Ebrei, omosessuali, zingari, malati di mente e “asociali”: ciò che il cittadino modello non doveva essere.

L’annuncio dell’entrata in vigore delle leggi discriminatorie nei confronti degli ebrei italiani segnò un passo importante nell’avvicinamento del fascismo italiano verso il nazismo tedesco. Tale atto non fu soltanto il tentativo di imitare una linea politica altrui per affinare i rapporti con il futuro alleato. Pur rimanendo nell’ambito delle sole discriminazioni razziali, l’Italia era già intervenuta nei confronti degli abitanti delle colonie dell’impero nel 1936 e nel 1937.
Ma l’atteggiamento ostile alle diversità non fu limitato alla sola diversità etnica né tantomeno caratterizzava soltanto le dittature nazifasciste. Infatti, anche le democrazie europee, seppur con alcune distinzioni da paese a paese, avevano strutturato una tipologia ideale di riferimento per distinguere il “buon cittadino” e il “buon patriota” dal diverso, deviante e/o malato. Anche per identificare con più facilità i soggetti non affidabili, la cultura ottocentesca aveva strutturato una galleria di “controtipi” che rappresentavano le caratteristiche degli individui o dei gruppi contrari e/o esterni alla società nazionale borghese europea.
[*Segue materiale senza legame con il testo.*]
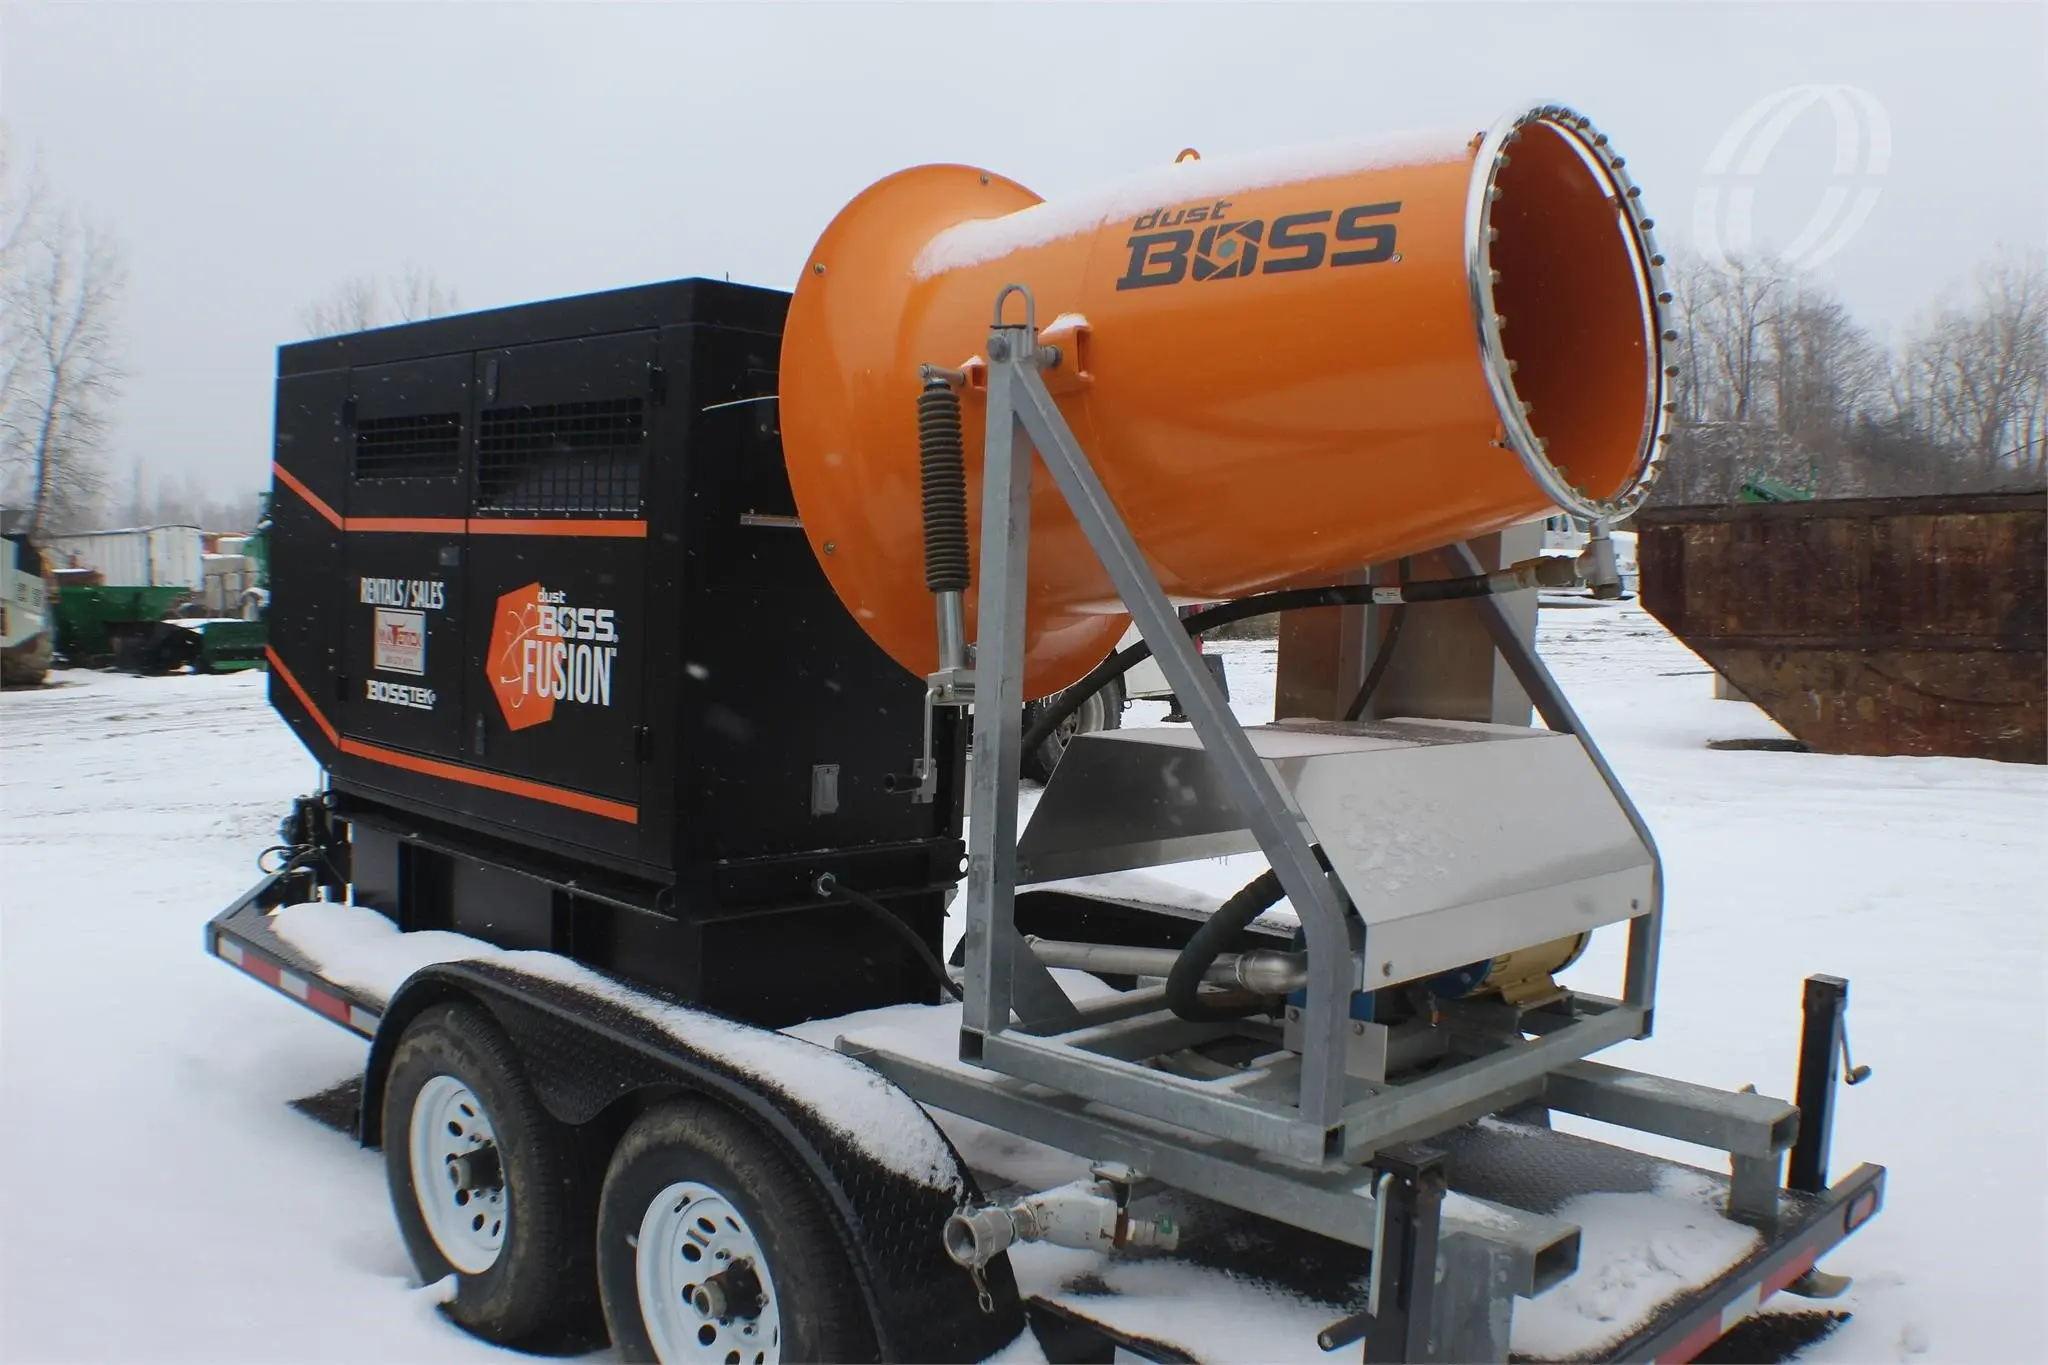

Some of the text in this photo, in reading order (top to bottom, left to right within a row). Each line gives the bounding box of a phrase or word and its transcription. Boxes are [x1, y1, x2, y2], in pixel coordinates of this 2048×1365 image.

Fu lo storico George Mosse a definire e usare questa definizione di “controtipo” nella quale trovarono collocazione le diversità razziali, di genere e di orientamento sessuale.
Ecco, in estrema sintesi, alcune caratteristiche chiave dei controtipi. L’assenza di radici rappresentò una caratteristica proposta con frequenza per descrivere gli ebrei considerati, al pari degli zingari, un popolo senza patria e senza legami. Con la formazione degli stati nazionali, emerse l’importanza della ricerca delle origini a sostegno della propria identità nazionale: la nobiltà di origine feudale diventò una caratteristica della nazione e non più di alcune famiglie dominanti. Di conseguenza, l’apparente assenza di queste origini nobili confinò fuori dai canoni i gruppi dediti nel presente o nel passato al nomadismo. L’aspetto fisico decadente era associato dalla medicina dell’epoca alla situazione del malato e, come tale, era ritenuto una minaccia per la società stessa. Nel suo insieme, la società poteva essere sana solo se i suoi membri lo erano anch’essi: la giovinezza e i fisici muscolosi garantivano la presenza della salute pubblica. Il coraggio, la forza e il controllo delle passioni e delle emozioni: in questo ambito rientra, ad esempio, la presunta vigliaccheria degli ebrei propagandata dagli antisemiti ma presente anche nelle farse popolari, in continuità con un antiebraismo di più antica data. In quest’ottica ebrei, omosessuali, zingari, malati di mente e “asociali” rappresentarono anche dal punto di vista dell’immaginario ciò che il cittadino modello non doveva essere e, pertanto, furono discriminati e perseguitati anche dalle democrazie europee. Le dittature nazifasciste portarono all’estremo quest’approccio puntando sulla definitiva assimilazione e/o eliminazione delle diversità. Per l’Italia, le leggi del 1938 confermarono la piena adesione del regime fascista alle politiche discriminatorie già in atto in Germania contro gli ebrei. Verso rom e omosessuali, invece, l’Italia agì principalmente attraverso l’operato della polizia, a partire dall’entrata in vigore del codice Rocco nel 1931. I principali strumenti giuridici e amministrativi che il fascismo utilizzò contro le diversità e in particolare contro gli omosessuali furono la diffida, l’ammonizione e il confino, ai quali vanno aggiunti il carcere e il manicomio, destinati espressamente ad altri casi di devianza ma utilizzati quali forme più dure e/o definitive di repressione. In Europa Occidentale l’antisemitismo di stato terminò con la fine del conflitto mondiale, con la sconfitta dei nazifascisti.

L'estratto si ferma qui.